Problem details:
Copy out the data below as written; omit any images.
Records for the exercise below:
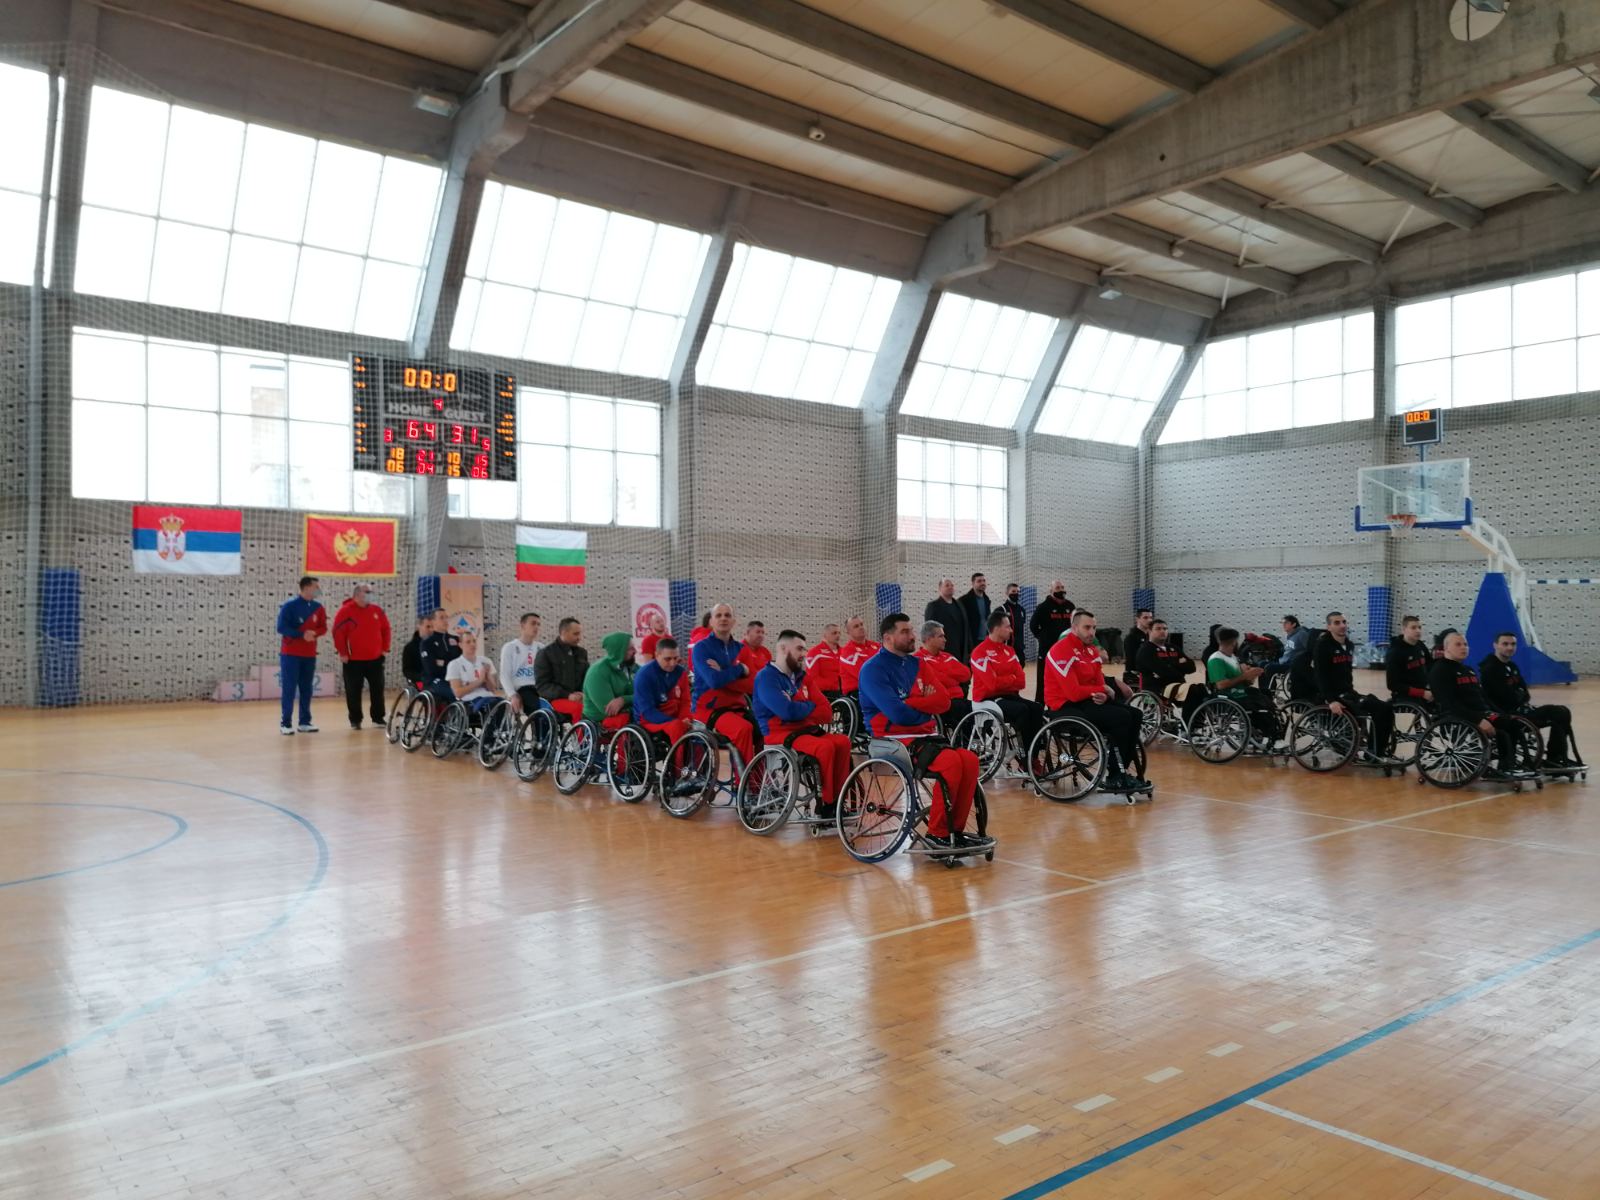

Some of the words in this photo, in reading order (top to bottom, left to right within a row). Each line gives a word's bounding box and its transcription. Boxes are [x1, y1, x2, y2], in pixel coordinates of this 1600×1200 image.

[404, 367, 456, 392] 00:0
[389, 403, 431, 416] HOME
[444, 409, 486, 422] GUEST
[407, 420, 435, 440] 64
[452, 424, 478, 445] 31
[232, 682, 244, 700] 3
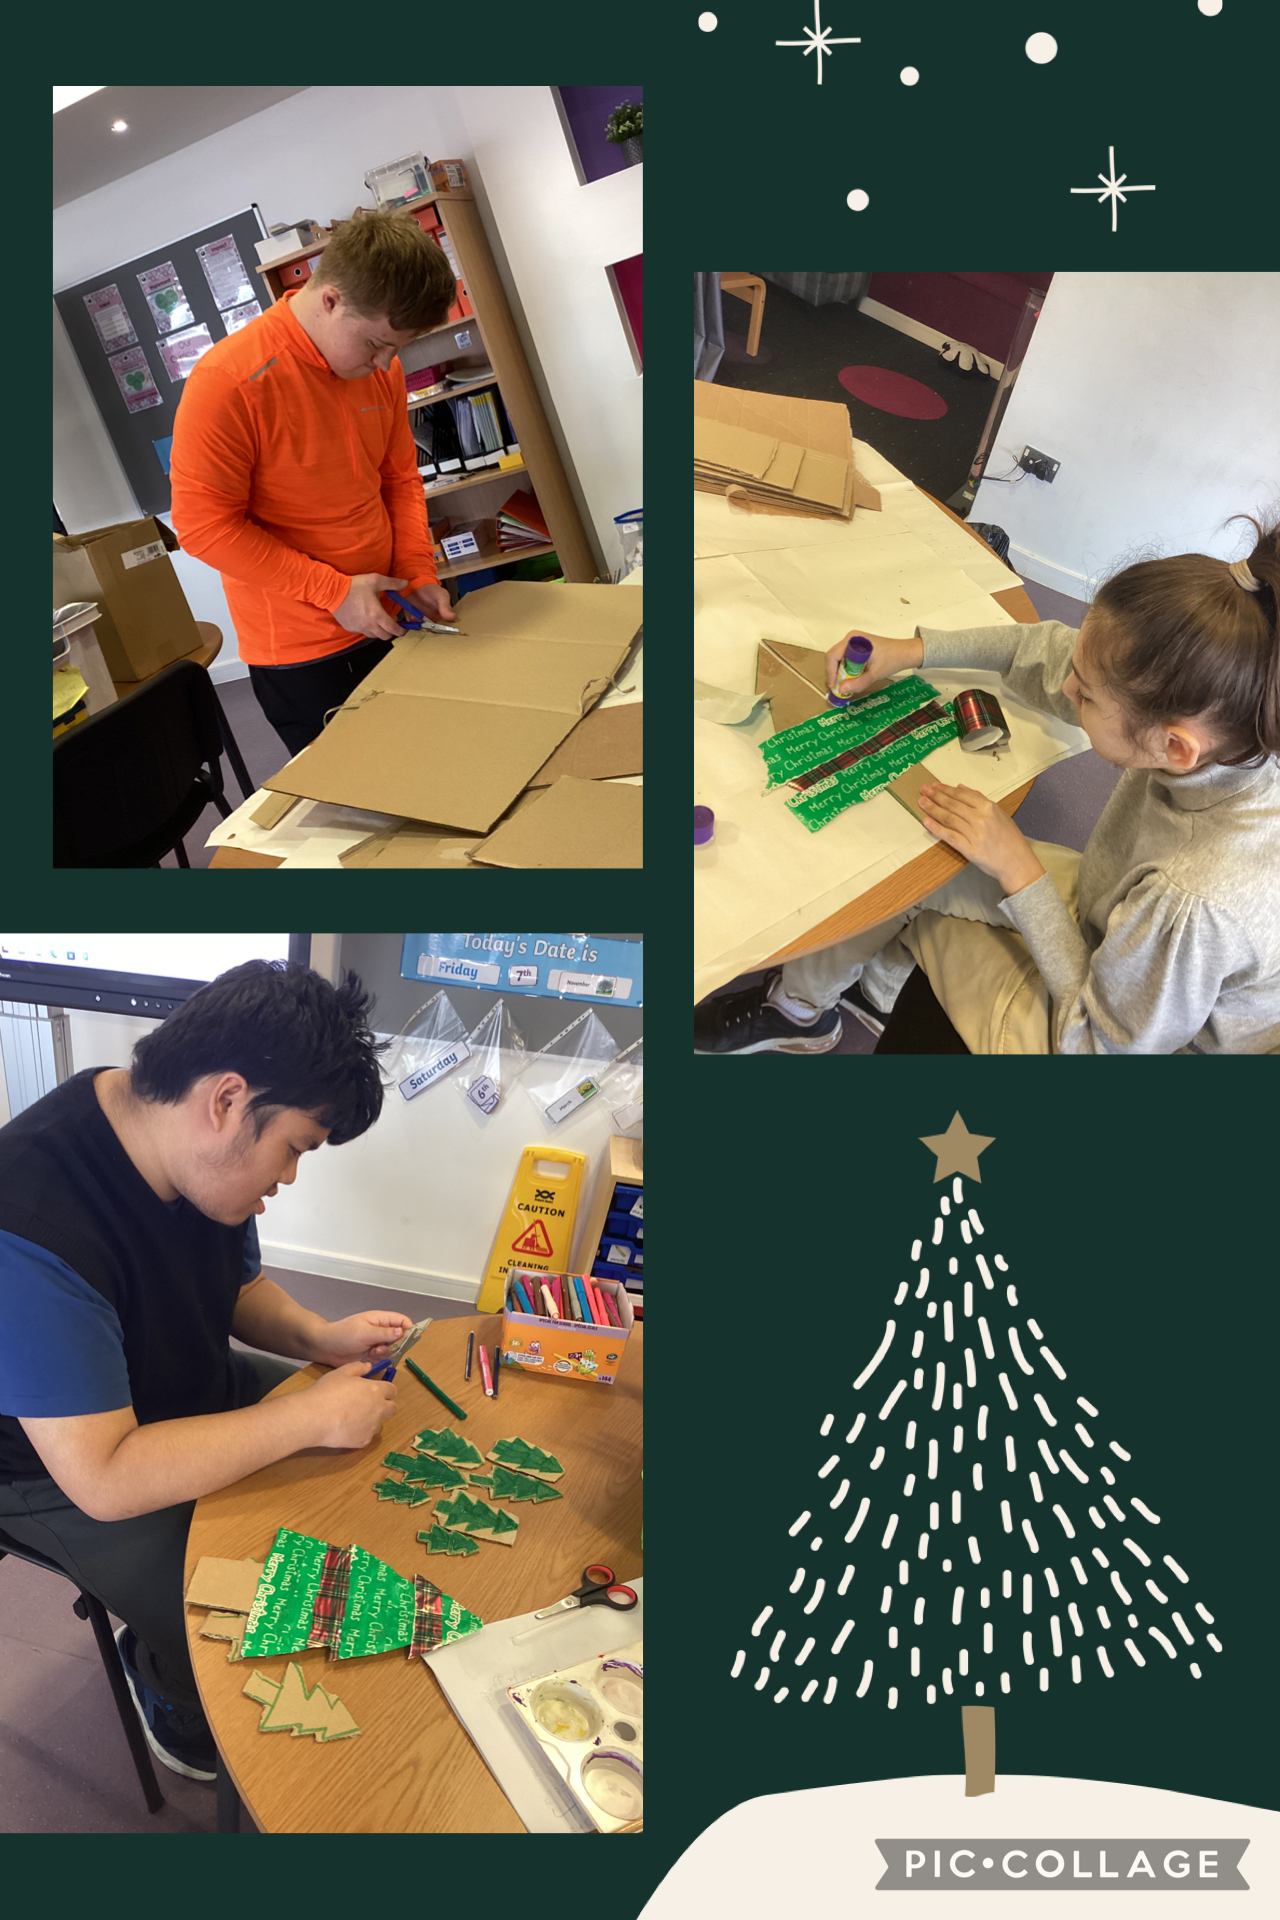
End of Records for the exercise.
Output:
Some of the words in this photo, in reading order (top to bottom, left to right within a row). Each line gives a word's bounding box and its transcription. Boxes are [x1, y1, x2, y2], in pixel coordinates of this 1600×1200 image.

[404, 367, 456, 392] 00:0
[389, 403, 431, 416] HOME
[444, 409, 486, 422] GUEST
[407, 420, 435, 440] 64
[452, 424, 478, 445] 31
[232, 682, 244, 700] 3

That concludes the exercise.